How Covid-19 is shining the spotlight on power of attorney
Covid-19 has presented all sorts of challenges for everyone but especially for those with pre-existing conditions like dementia. At such a worrying time, it’s more important than ever to take sensible steps to plan for the future with a lasting power of attorney.
A lasting power of attorney is a legal document that allows you to choose a trusted person to take over your decision-making, should you lose capacity to do so yourself.
The news has recently drawn attention to the importance of arranging a lasting power of attorney, with Good Morning Britain presenter Kate Garraway speaking publicly about her financial battles since husband Derek Draper was hospitalised with coronavirus.
Because Derek was named on most of the couple’s financial documents, Kate has been unable to take over the finances on his behalf. This is a common problem that people run into when one partner becomes incapacitated by illness or accident, or when someone loses capacity to a condition like dementia.

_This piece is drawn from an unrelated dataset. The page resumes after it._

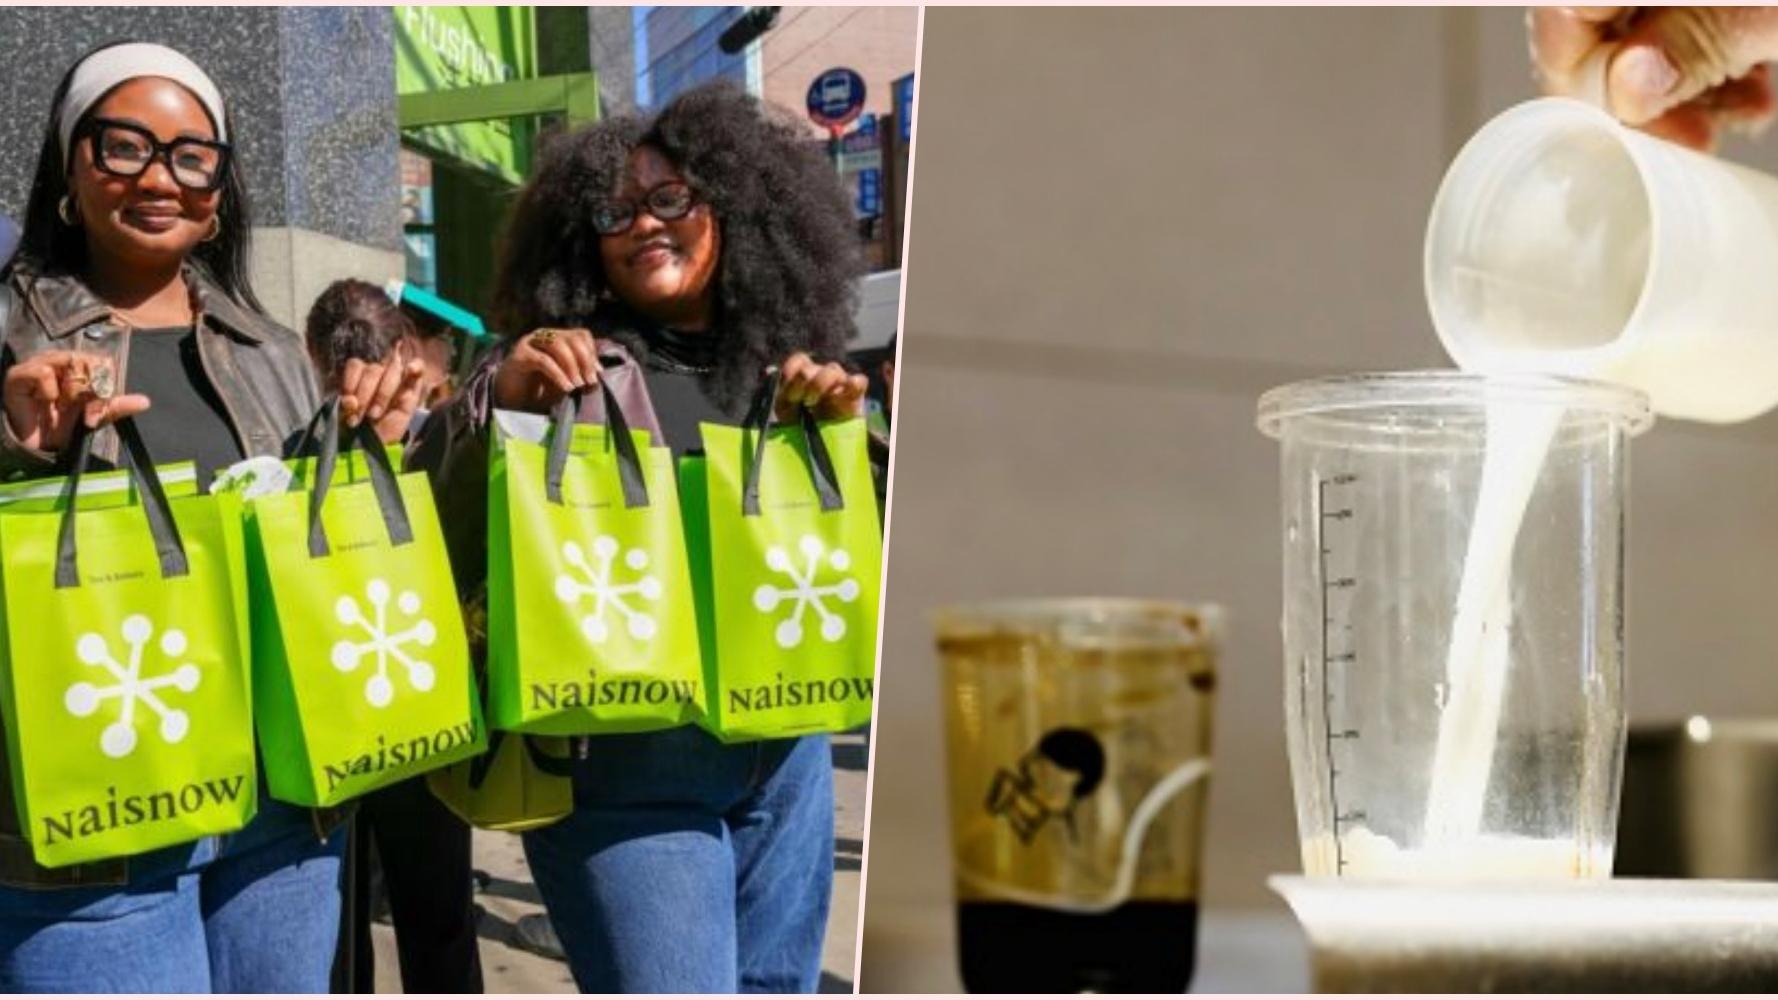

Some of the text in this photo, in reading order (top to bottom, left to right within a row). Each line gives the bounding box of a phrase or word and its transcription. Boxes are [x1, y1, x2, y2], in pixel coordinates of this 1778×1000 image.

Why is power of attorney important for people living with dementia?
Power of attorney is an important legal tool, especially for those living with dementia. Because dementia involves the deterioration of cognitive functions like reasoning and remembering, many people with dementia will find that they can no longer make some decisions for themselves. At this point, a trusted person can take over if a lasting power of attorney agreement is in place.
The person chosen to make decisions of behalf of someone who is incapacitated is called an ‘attorney’, and they can make decisions on someone’s behalf if they have legally agreed in advance.
There are two types of lasting powers of attorney, covering different areas – you can choose one or both options.
- A health and welfare lasting power of attorney allows a nominated person – or people – to make decisions for you about your healthcare and medical treatment.
- A property and affairs lasting power of attorney allows a nominated person – or people – to make decisions on your behalf about your finances and property.
Why do I need a lasting power of attorney?
Planning for the future has never been more important. Covid-19 has shown us just how uncertain our current times are; a power of attorney can provide peace of mind in these strange times.
By arranging a lasting power of attorney, you have the reassurance that your affairs will be handled by someone you trust in the event that you cannot make decisions for yourself anymore.
Dementia is a progressive condition, so arranging a lasting power of attorney early on can help alleviate worries for all concerned, and it enshrines in law your wishes. Waiting until capacity has deteriorated makes it more difficult for loved ones to get the consent they need to make decisions on your behalf further down the line.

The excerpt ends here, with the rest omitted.